Visual Design of Games
Here is a look at my first attempt at game visual design based on the game Cheese or Font…
I started with identifying the core elements of the game, then drew up six quick mock-ups of how the game would look like under different design principles.
I first made one element (the score) huge, taking the majority of the screen. Everything else had to be pushed to the side. I also had to delete “timer” in order to balance the visuals since it will sit next to score.
Then, I tried the one-color sketch, using yellow to represent the color of cheese and let the player highlight the cheese names from the vocabulary list.
In this sketch, I tried to apply principles of proximity by having the player to drag the words closer to each category, while also having the categories displayed more uniquely to distinguish from the other words.
My three sketches playing around with typography allowed me examine the relationship between words and which ones should I prioritize.
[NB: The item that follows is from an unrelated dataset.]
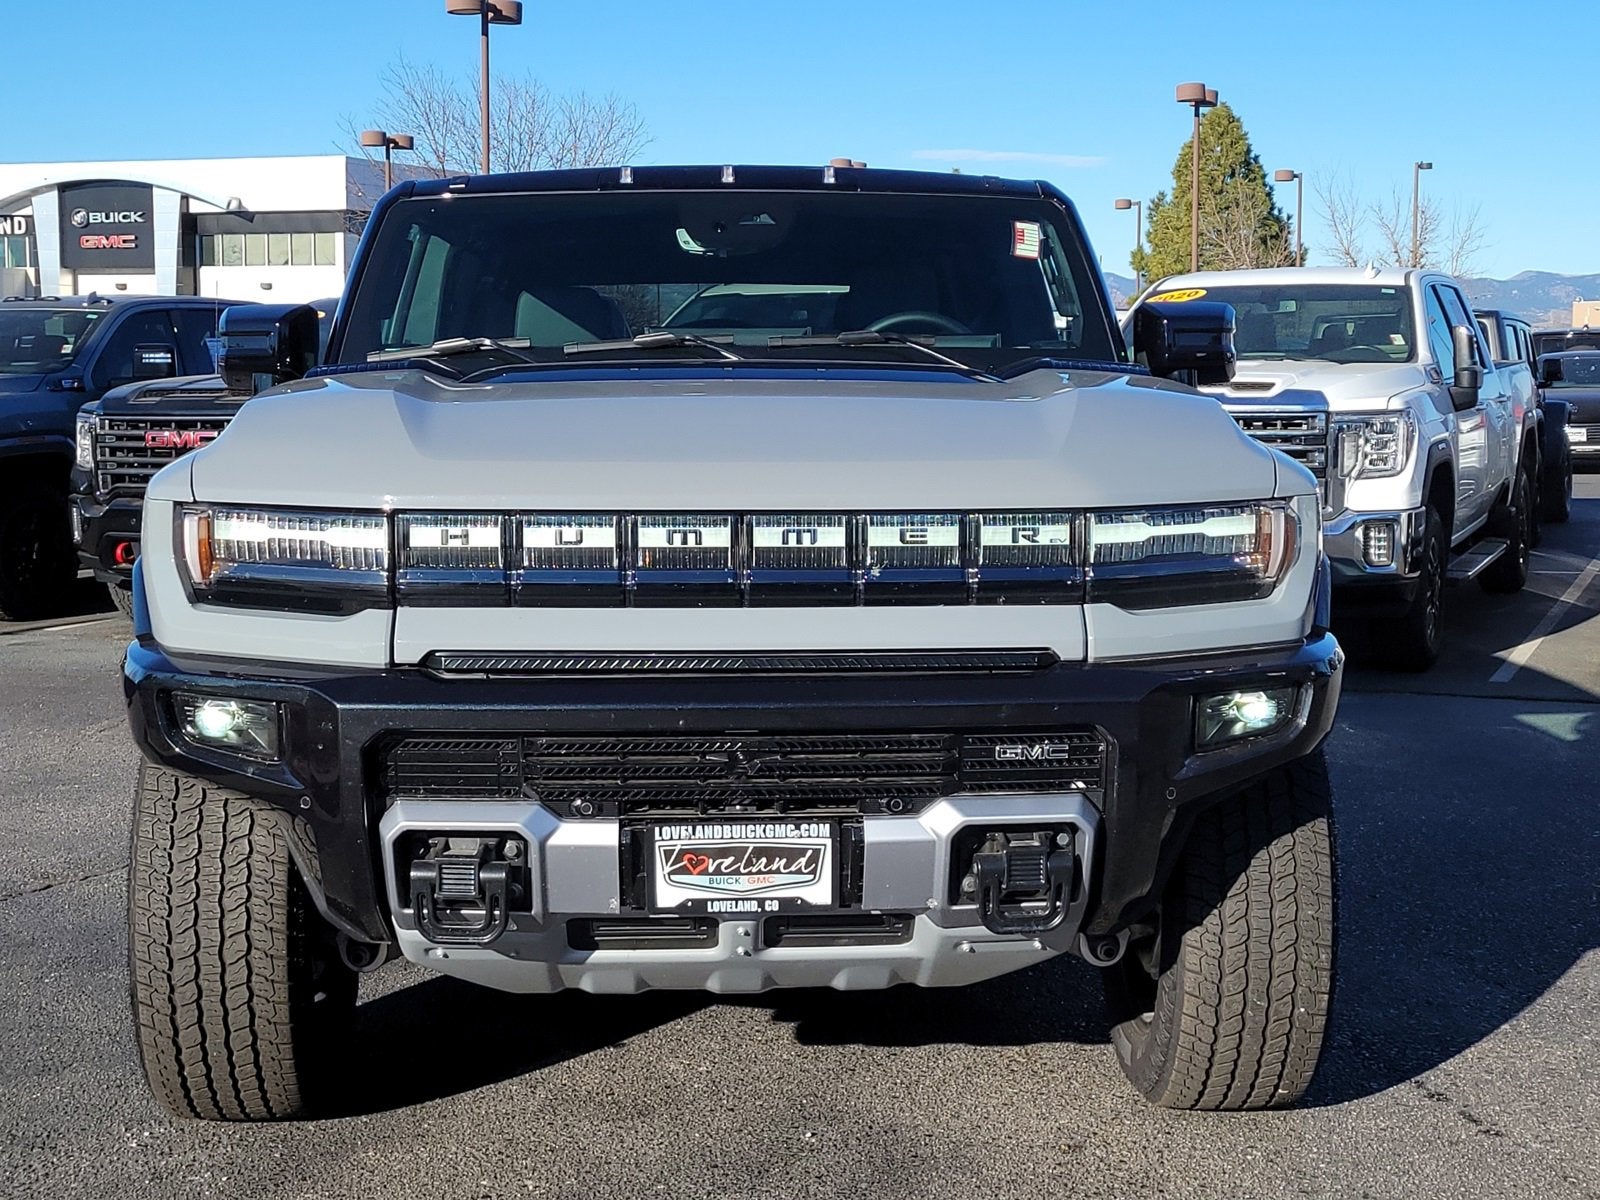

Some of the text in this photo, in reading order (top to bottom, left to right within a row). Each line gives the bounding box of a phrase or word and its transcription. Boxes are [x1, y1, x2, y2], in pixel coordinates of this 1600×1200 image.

It seems to me that the bolder, serif fronts are often given the highest priority and is best used only once or on one type of item per screen. Pictures/icons could play a similar role.
Last but not least, the most beautiful game to my mind is Journey (PS4). The game is beautiful to look at by having a great choice of uniform color palettes for every scene, depicting the tone of the environment. In order to highlight the grand scale of the journey itself, the game often pans the camera out, making the character small and the architectures huge, and thus creating a strong sense of epicness.